Las máquinas derribaron en pocas horas las casas que había construido la Municipalidad
En cuestión de horas, máquinas contratadas por una empresa constructora redujeron a escombros el complejo de viviendas que correspondía a la segunda etapa del barrio Municipal.
Las casas estaban ubicadas sobre calle Maximio Victoria, frente al Corralón Municipal, en la prolongación de calle Maipú hacia el norte.
Estas viviendas, 16 en total, habían sido construidas por intermedio del municipio de la Capital, y era la segunda parte del barrio que se había comenzado a emplazar sobre la misma avenida desde el cruce con la avenida Choya hacia el centro. El dinero para la construcción había sido aportado por el Banco Hipotecario, entidad a la que los adjudicatarios tenían que pagar el monto de las cuotas.

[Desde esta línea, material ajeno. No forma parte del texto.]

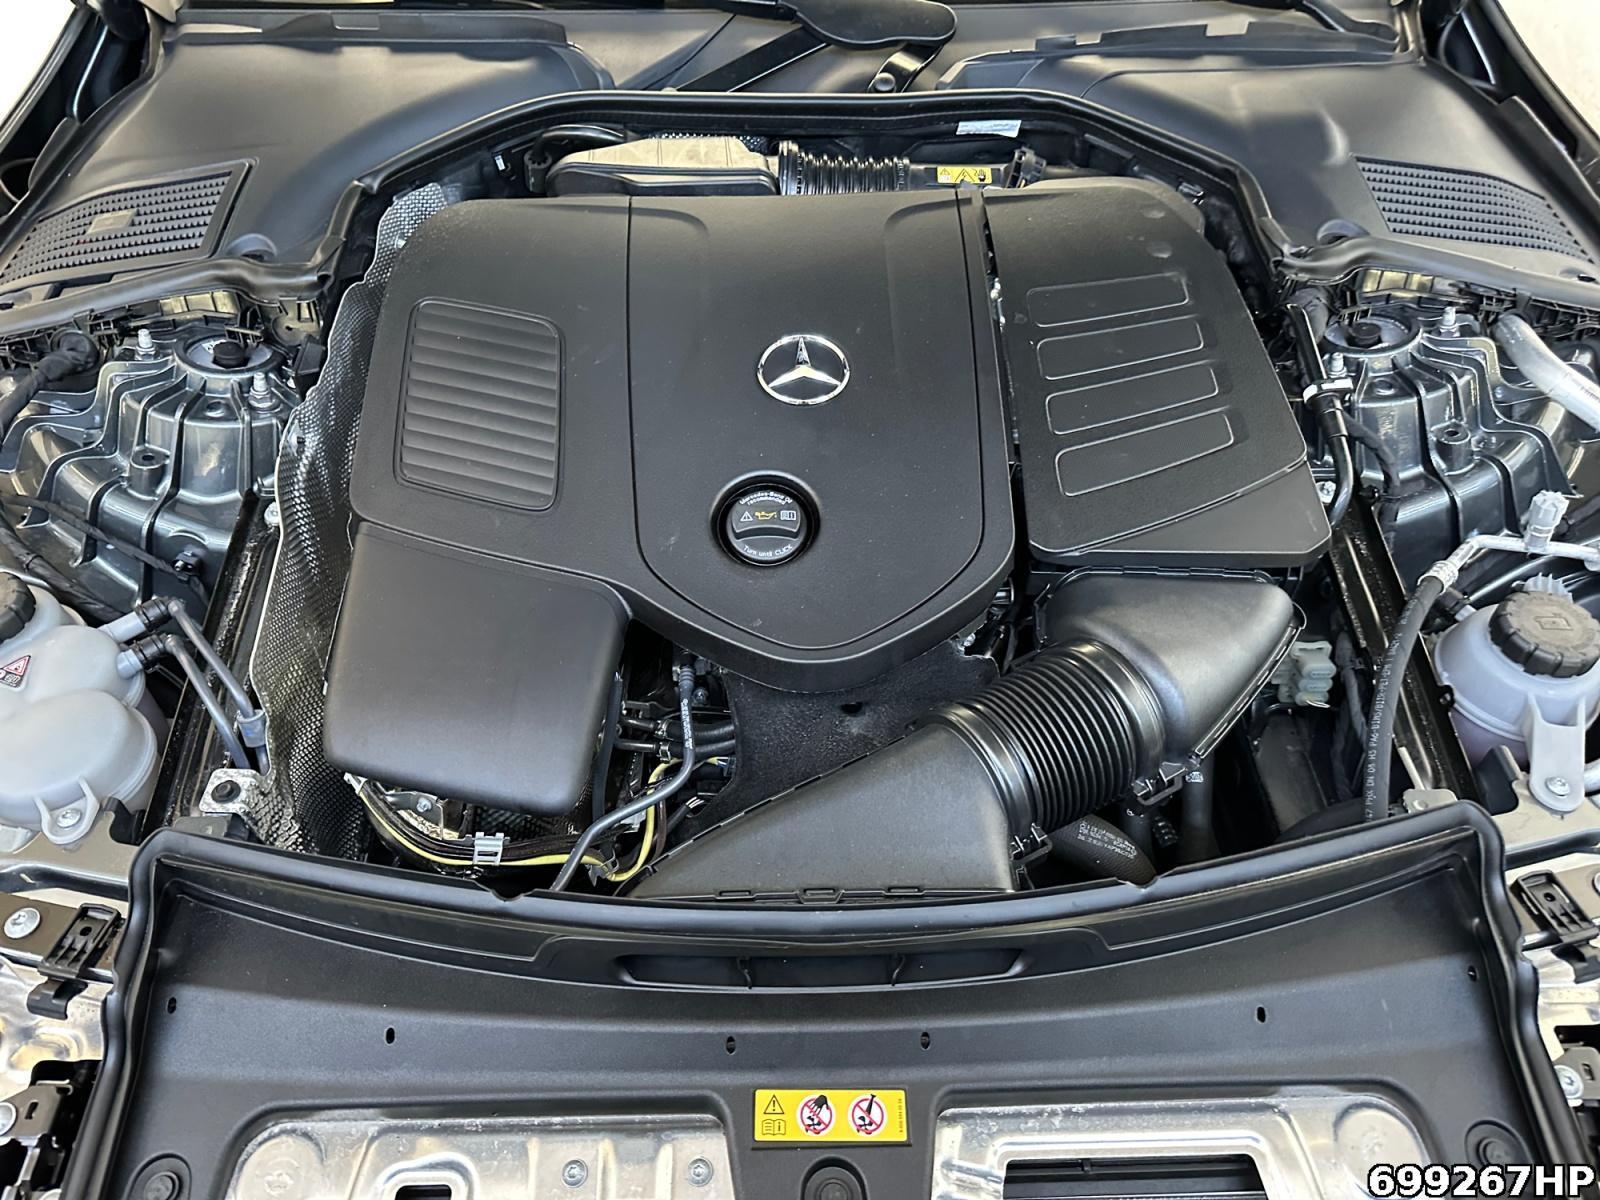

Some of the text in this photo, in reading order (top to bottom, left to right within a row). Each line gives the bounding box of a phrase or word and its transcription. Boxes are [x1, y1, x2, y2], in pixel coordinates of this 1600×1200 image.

[739, 491, 785, 505] Mercedes-Benz
[747, 496, 785, 505] recommended
[744, 545, 757, 556] Turn
[775, 545, 792, 556] CLICK

La primera etapa se concluyó, pero la segunda quedó a medio terminar. Lentamente, como ocurre con cada obra que no se termina adecuadamente y se entrega a los beneficiarios, continuos actos de vandalismo terminaron por arruinar gran parte de la estructura de las casas: se robaron puertas, ventanas, cañerías, sanitarios y todo lo que podría volver a utilizarse. Al final, las casas eran usadas como "aguantadero" y guarida de malvivientes.

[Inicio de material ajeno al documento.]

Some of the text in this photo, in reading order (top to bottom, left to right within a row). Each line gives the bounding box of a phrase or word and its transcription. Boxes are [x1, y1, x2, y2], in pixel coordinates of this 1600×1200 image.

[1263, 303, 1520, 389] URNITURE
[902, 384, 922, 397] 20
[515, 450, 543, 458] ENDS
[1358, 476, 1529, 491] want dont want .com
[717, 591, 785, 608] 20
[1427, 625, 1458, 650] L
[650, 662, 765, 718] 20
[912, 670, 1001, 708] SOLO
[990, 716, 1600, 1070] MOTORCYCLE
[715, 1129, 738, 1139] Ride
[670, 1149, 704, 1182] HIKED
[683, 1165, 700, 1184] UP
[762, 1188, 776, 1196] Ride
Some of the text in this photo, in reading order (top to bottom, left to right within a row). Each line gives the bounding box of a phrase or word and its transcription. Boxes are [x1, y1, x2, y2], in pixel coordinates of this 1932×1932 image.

Y en el último período, un grupo de familias usurpó las precarias construcciones y comenzó a demandar soluciones al Instituto Provincial de la Vivienda, donde muchos de ellos estaban inscriptos.
Pero las viviendas no eran más de la Municipalidad, sino de la empresa Medio Ambiente S.A., con quien la comuna había saldado una deuda con el complejo de viviendas.
La empresa recurrió a la Justicia para desalojar a los usurpadores y finalmente, el 8 de abril pasado, se concretó el desalojo de todos los ocupantes en cumplimiento de una orden del juez Civil Jorge Avellaneda. Tras la expulsión de la gente, que ofreció algo de resistencia que no alcanzó para forzar otra decisión, se instaló allí una consigna de seguridad para evitar nuevas usurpaciones hasta que ayer, todas las viviendas se redujeron a un montón de escombros y hierros inservibles.
Se desconoce, hasta la fecha, qué decisión tomará la empresa Medio Ambiente S.A. sobre el terreno.